Write out the data again exactly, skipping every picture.

------

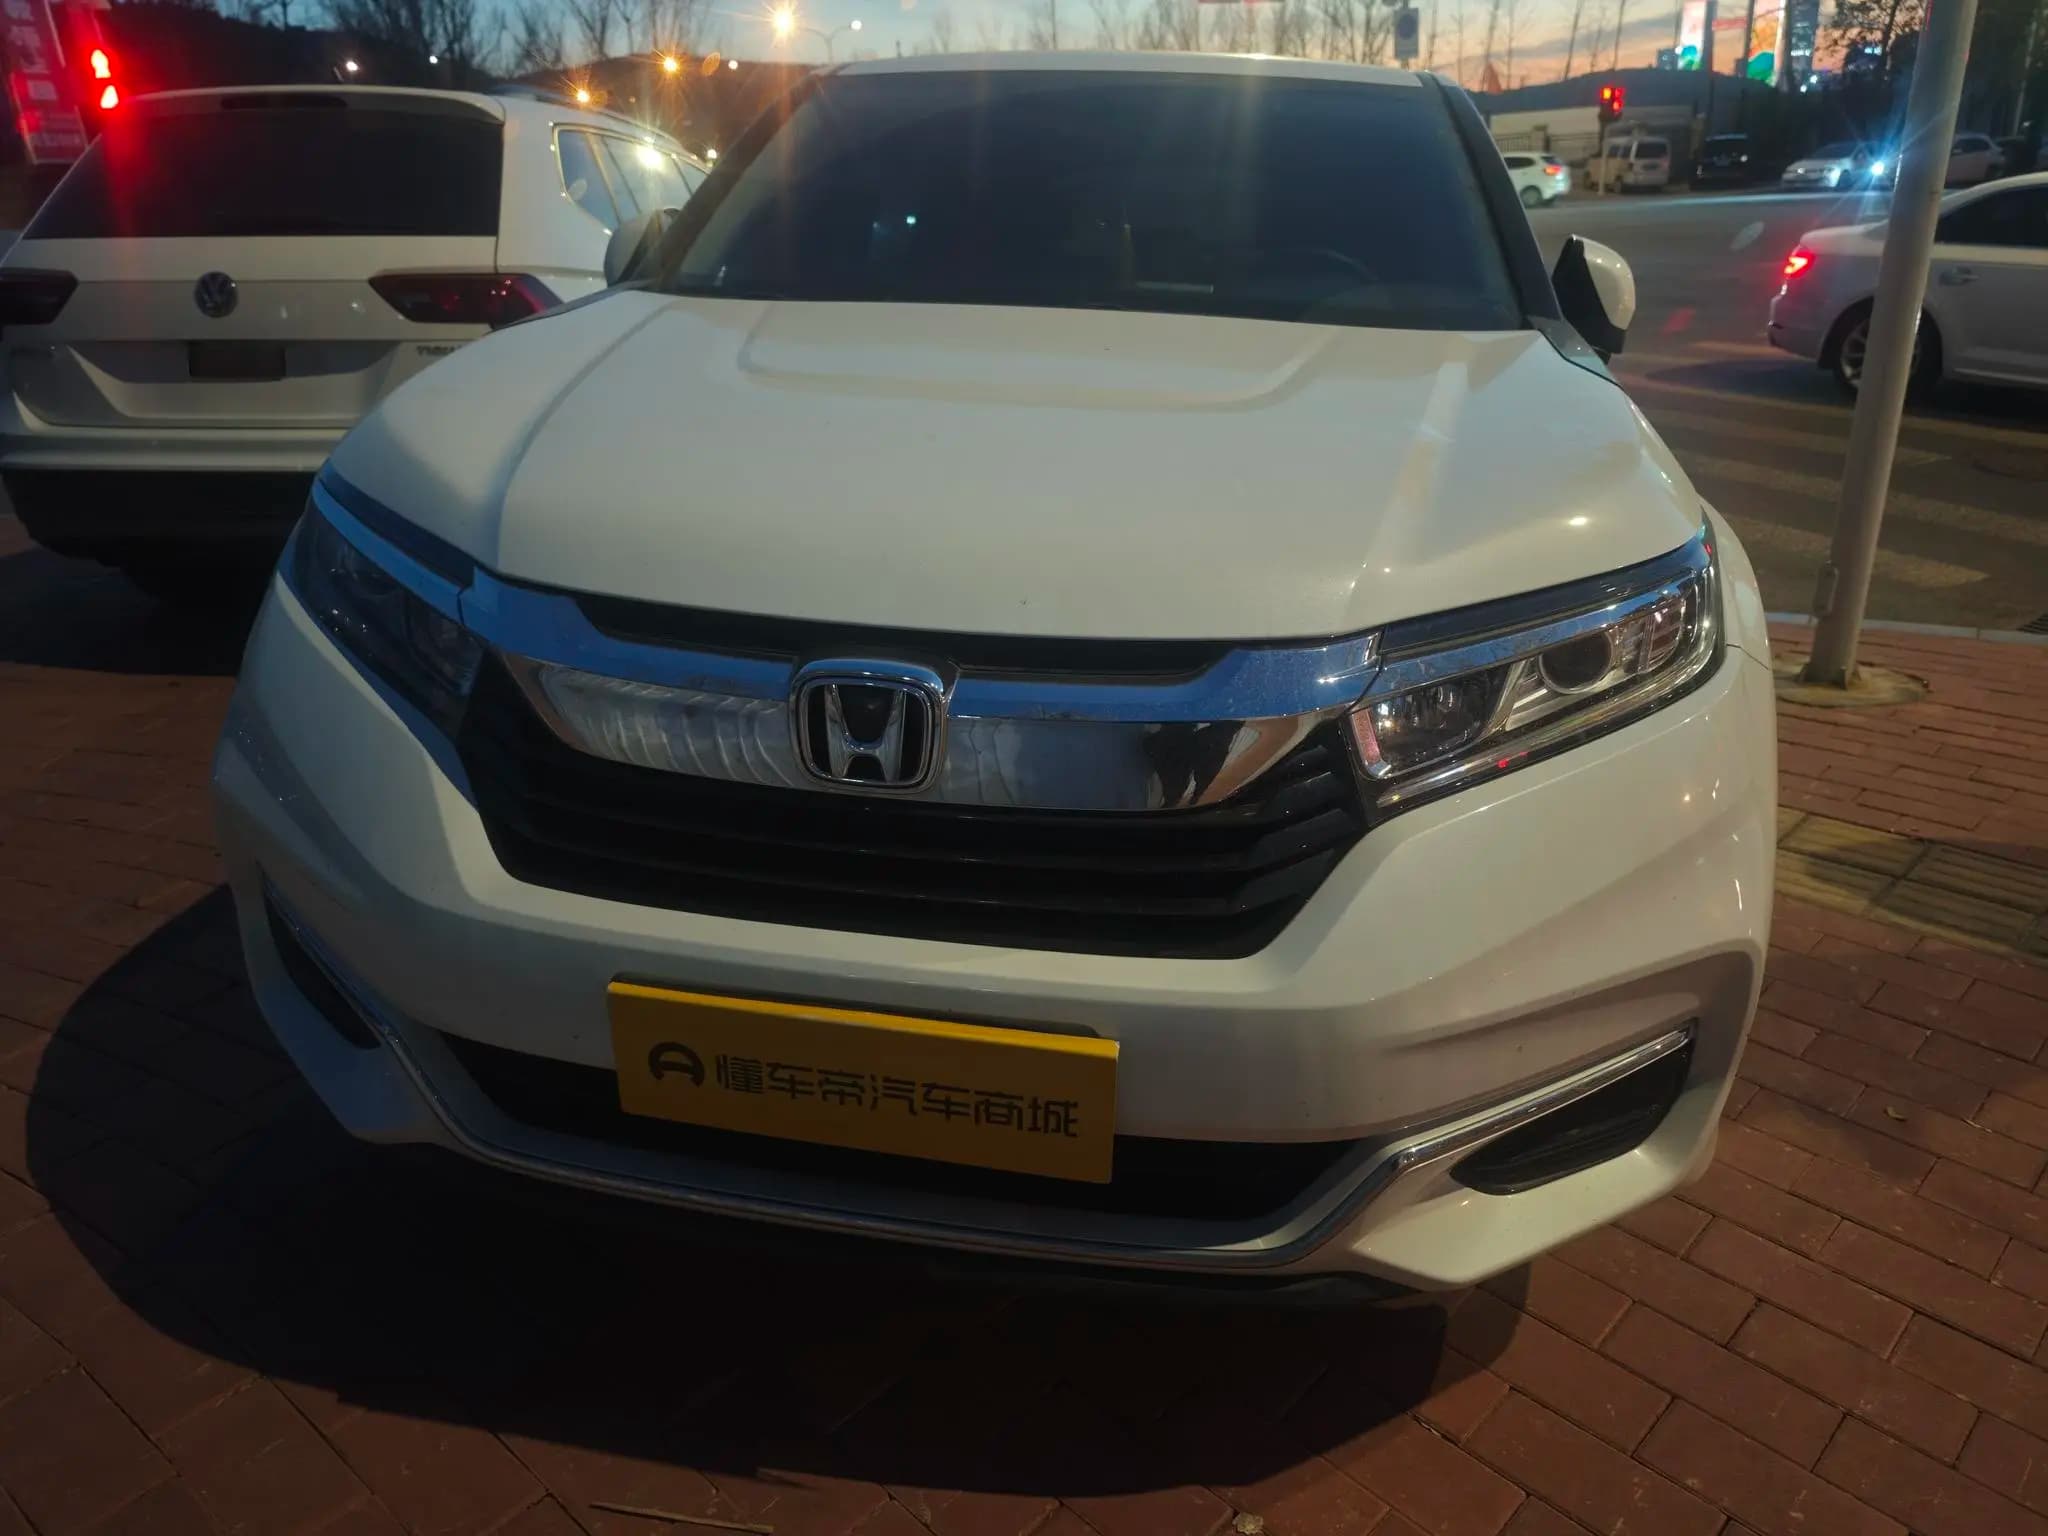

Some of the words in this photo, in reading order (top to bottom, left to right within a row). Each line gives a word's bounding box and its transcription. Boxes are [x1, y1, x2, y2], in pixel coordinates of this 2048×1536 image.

[715, 1054, 1079, 1138] 懂车帝汽车商城
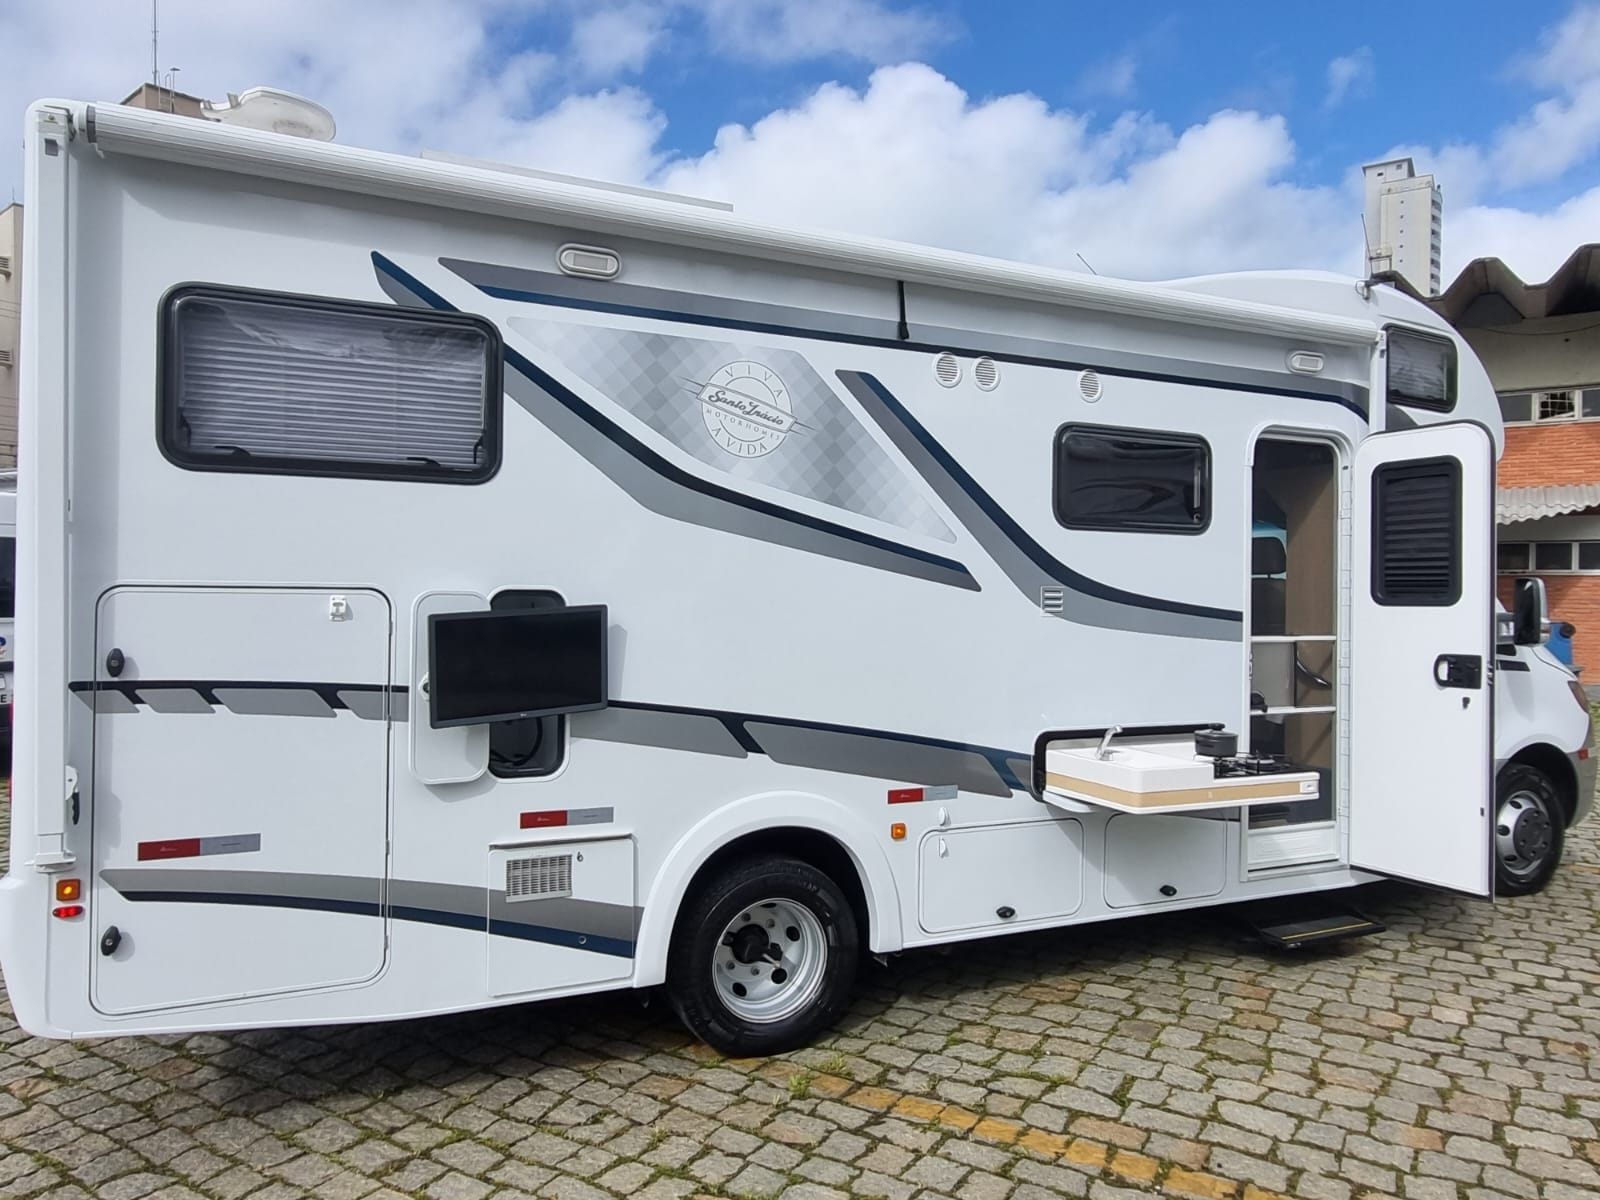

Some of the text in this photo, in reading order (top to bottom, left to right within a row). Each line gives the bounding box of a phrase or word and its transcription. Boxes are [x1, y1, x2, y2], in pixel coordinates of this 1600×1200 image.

[724, 364, 784, 398] VIVA
[708, 390, 746, 411] Santo
[726, 437, 768, 456] VIDA

------

### RESPONSE TO THIS EXERCISE
Some of the words in this photo, in reading order (top to bottom, left to right within a row). Each line gives a word's bounding box and its transcription. Boxes are [x1, y1, x2, y2], in pixel coordinates of this 2048×1536 image.

[715, 1054, 1079, 1138] 懂车帝汽车商城

Some of the text in this photo, in reading order (top to bottom, left to right within a row). Each line gives the bounding box of a phrase or word and its transcription. Boxes are [x1, y1, x2, y2], in pixel coordinates of this 1600×1200 image.

[724, 364, 784, 398] VIVA
[708, 390, 746, 411] Santo
[726, 437, 768, 456] VIDA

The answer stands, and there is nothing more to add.